» **Requirement**: In the entries that follow, identify the line containing "Some of the words" and return it together with all later lines, exactly as they appear.

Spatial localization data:
■ ■ ■ ■ ■ ■ ■
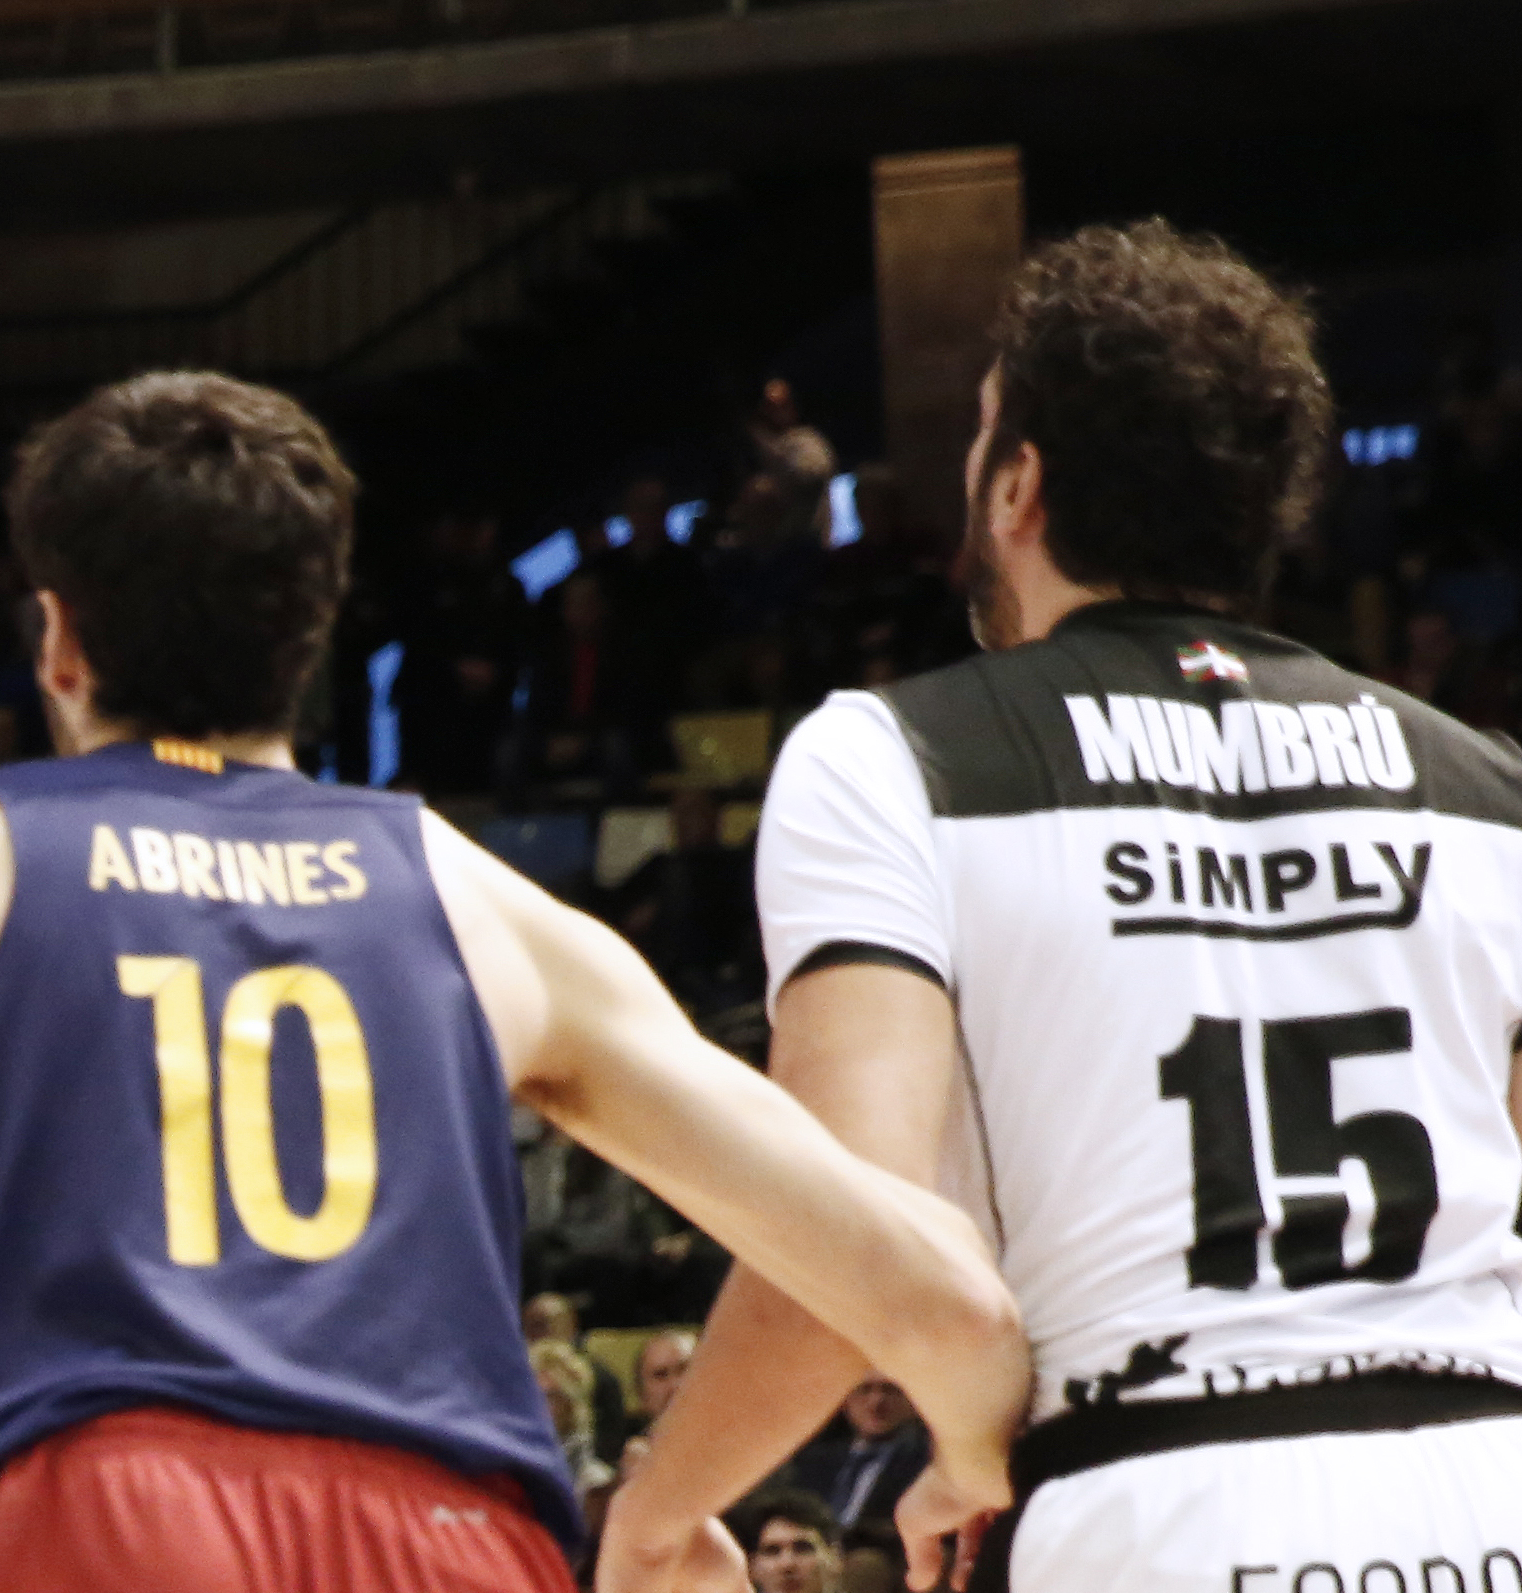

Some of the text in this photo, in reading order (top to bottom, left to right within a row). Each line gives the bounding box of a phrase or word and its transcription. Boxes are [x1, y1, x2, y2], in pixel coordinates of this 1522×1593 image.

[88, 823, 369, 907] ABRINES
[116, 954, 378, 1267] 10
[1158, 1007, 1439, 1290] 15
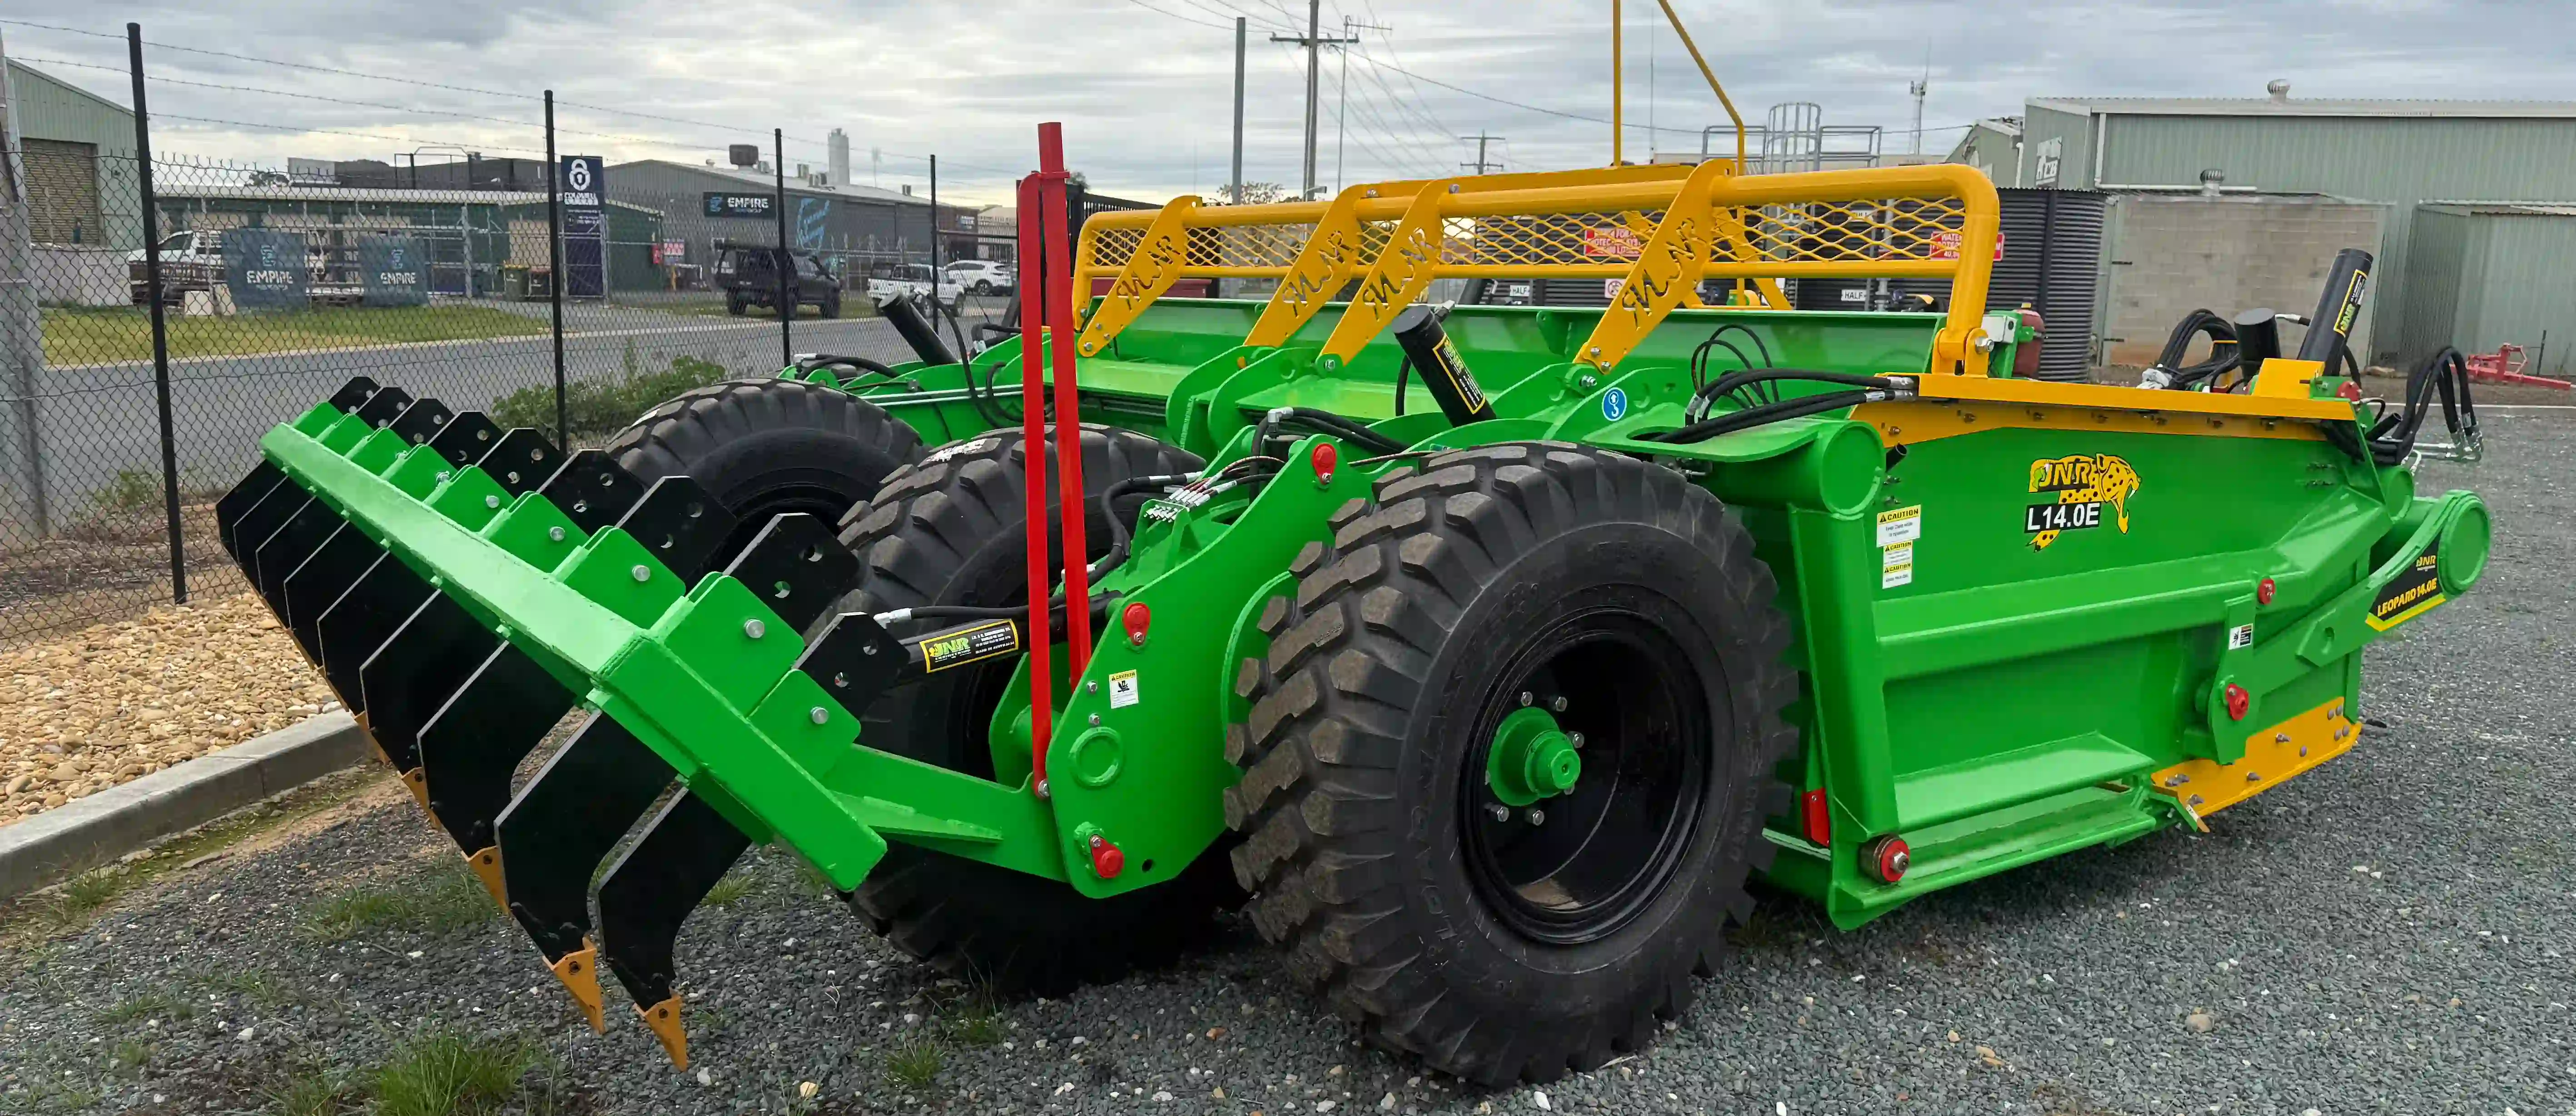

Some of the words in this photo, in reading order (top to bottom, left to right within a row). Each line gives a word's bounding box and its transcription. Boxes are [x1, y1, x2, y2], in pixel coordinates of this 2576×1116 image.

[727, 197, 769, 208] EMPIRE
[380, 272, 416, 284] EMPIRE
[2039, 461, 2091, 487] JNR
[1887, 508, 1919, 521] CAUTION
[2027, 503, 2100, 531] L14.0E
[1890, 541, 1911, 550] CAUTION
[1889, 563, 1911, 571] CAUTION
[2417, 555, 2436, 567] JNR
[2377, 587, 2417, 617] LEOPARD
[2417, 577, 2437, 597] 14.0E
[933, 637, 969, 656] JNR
■ ■ ■ ■ ■ ■ ■
» **Your solution**:
Some of the words in this photo, in reading order (top to bottom, left to right within a row). Each line gives a word's bounding box and its transcription. Boxes are [x1, y1, x2, y2], in pixel coordinates of this 2576×1116 image.

[727, 197, 769, 208] EMPIRE
[380, 272, 416, 284] EMPIRE
[2039, 461, 2091, 487] JNR
[1887, 508, 1919, 521] CAUTION
[2027, 503, 2100, 531] L14.0E
[1890, 541, 1911, 550] CAUTION
[1889, 563, 1911, 571] CAUTION
[2417, 555, 2436, 567] JNR
[2377, 587, 2417, 617] LEOPARD
[2417, 577, 2437, 597] 14.0E
[933, 637, 969, 656] JNR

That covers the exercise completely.